(Information given begins)

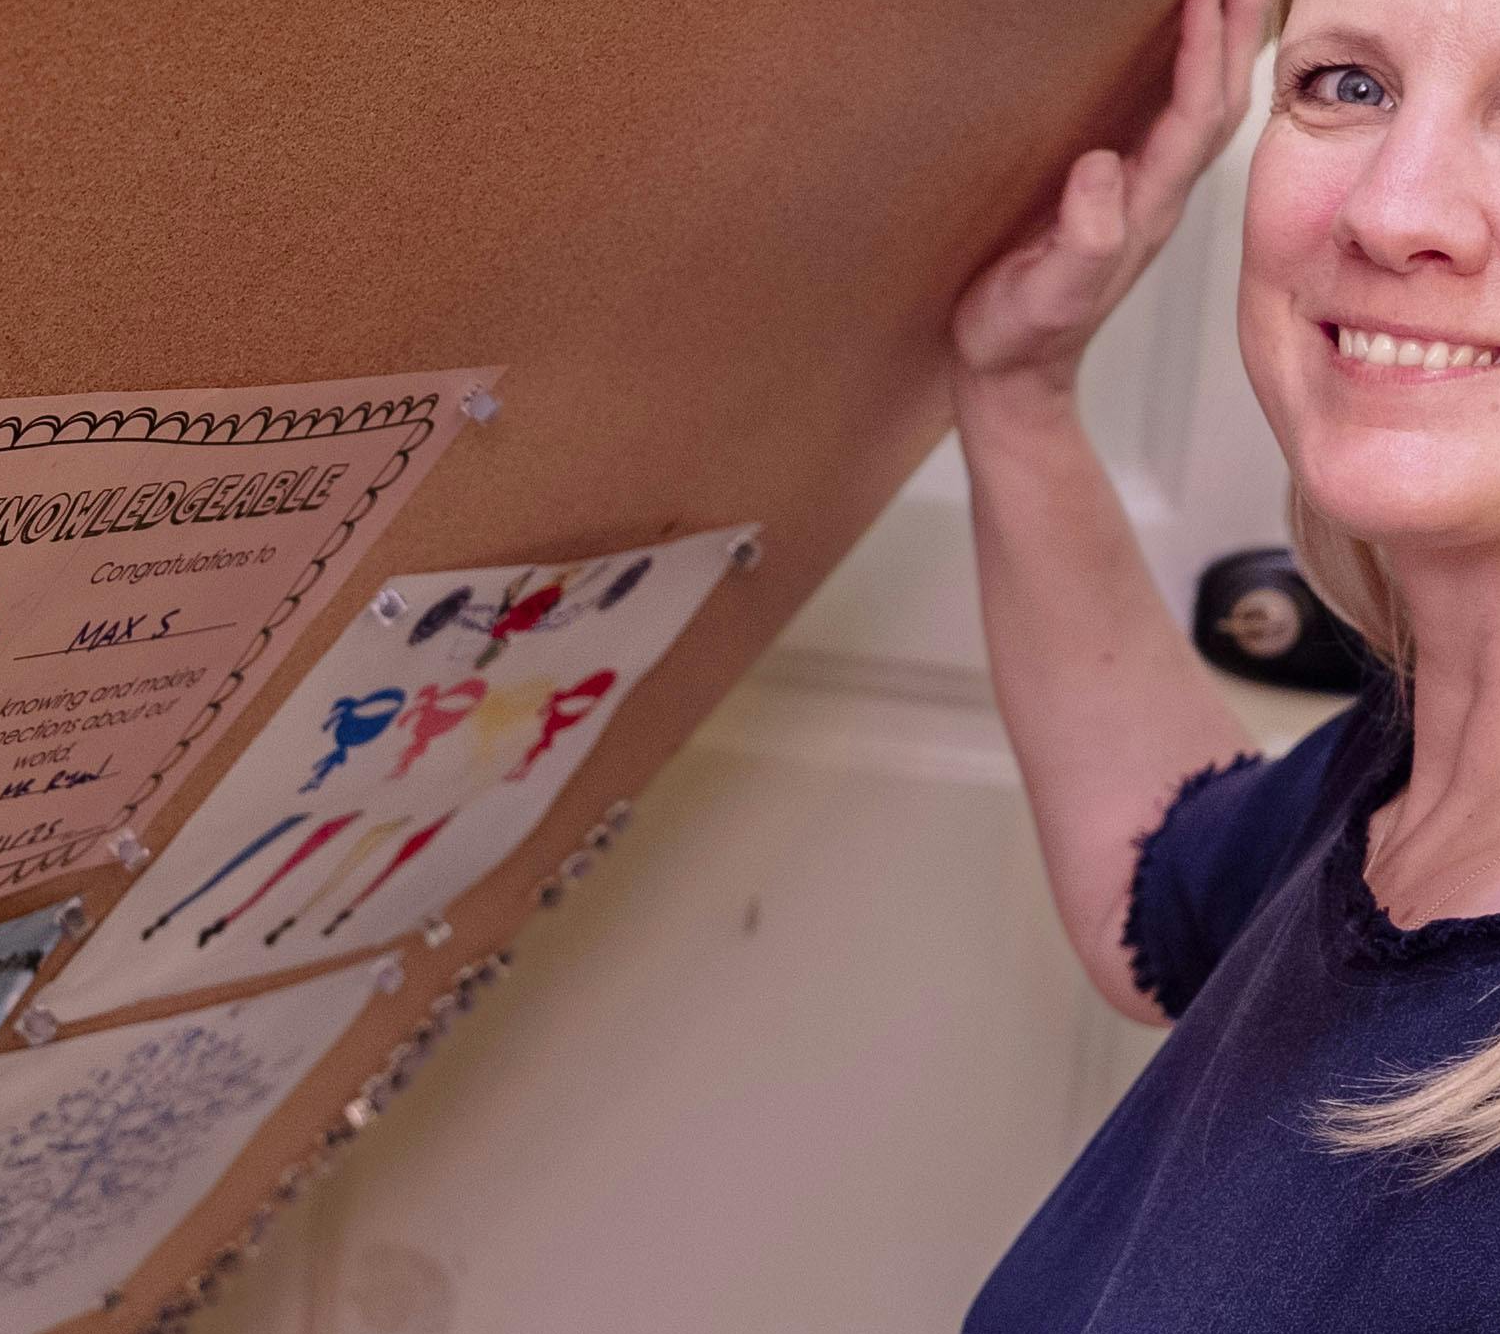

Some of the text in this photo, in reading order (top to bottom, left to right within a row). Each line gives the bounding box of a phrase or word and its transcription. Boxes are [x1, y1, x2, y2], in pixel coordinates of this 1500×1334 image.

[91, 543, 277, 585] Congratulations to
[65, 608, 182, 653] MAX S
[89, 677, 139, 704] and
[133, 666, 208, 696] making
[82, 700, 147, 731] about
[145, 696, 182, 718] our
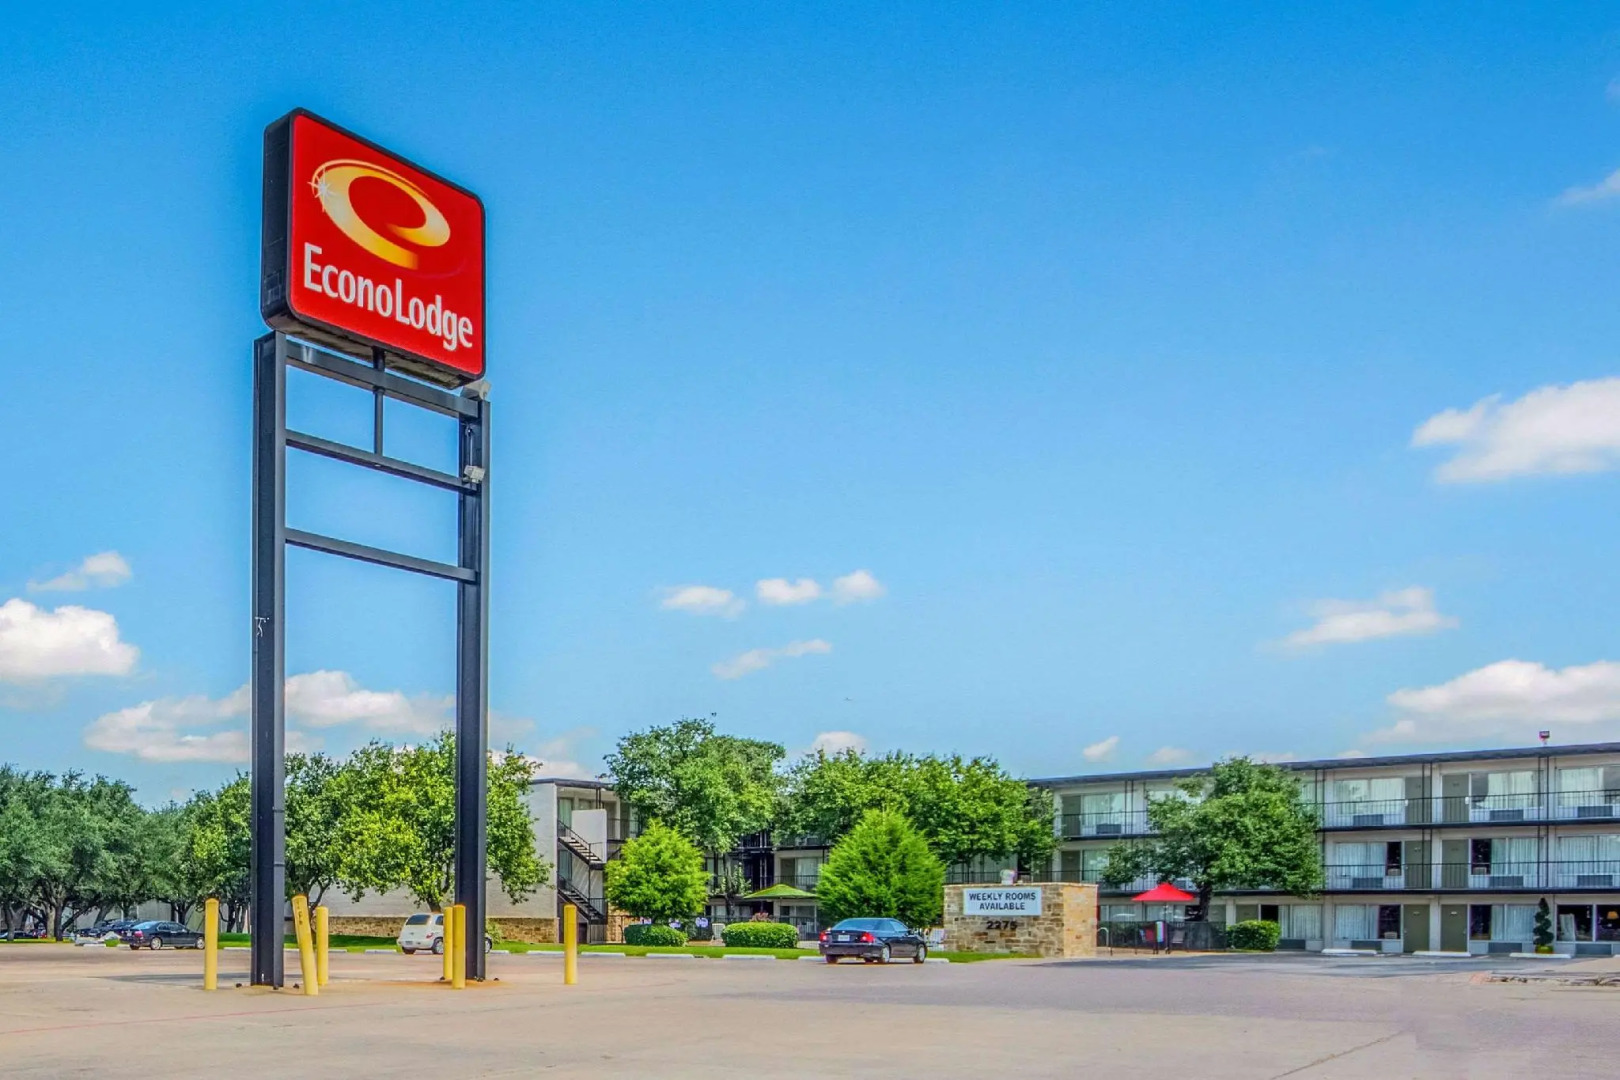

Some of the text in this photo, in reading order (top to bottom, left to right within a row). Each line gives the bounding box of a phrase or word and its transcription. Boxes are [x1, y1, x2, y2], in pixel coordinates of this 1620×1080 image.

[304, 242, 473, 351] EconoLodge
[969, 892, 1036, 901] WEEKLY ROOMS
[979, 902, 1025, 911] AVAILABLE

(Information given ends)

- **Task details**: Copy every record above exactly, leaving out any pictures.

- **Your solution**:
Some of the text in this photo, in reading order (top to bottom, left to right within a row). Each line gives the bounding box of a phrase or word and its transcription. Boxes are [x1, y1, x2, y2], in pixel coordinates of this 1500×1334 image.

[91, 543, 277, 585] Congratulations to
[65, 608, 182, 653] MAX S
[89, 677, 139, 704] and
[133, 666, 208, 696] making
[82, 700, 147, 731] about
[145, 696, 182, 718] our

Some of the text in this photo, in reading order (top to bottom, left to right within a row). Each line gives the bounding box of a phrase or word and its transcription. Boxes are [x1, y1, x2, y2], in pixel coordinates of this 1620×1080 image.

[304, 242, 473, 351] EconoLodge
[969, 892, 1036, 901] WEEKLY ROOMS
[979, 902, 1025, 911] AVAILABLE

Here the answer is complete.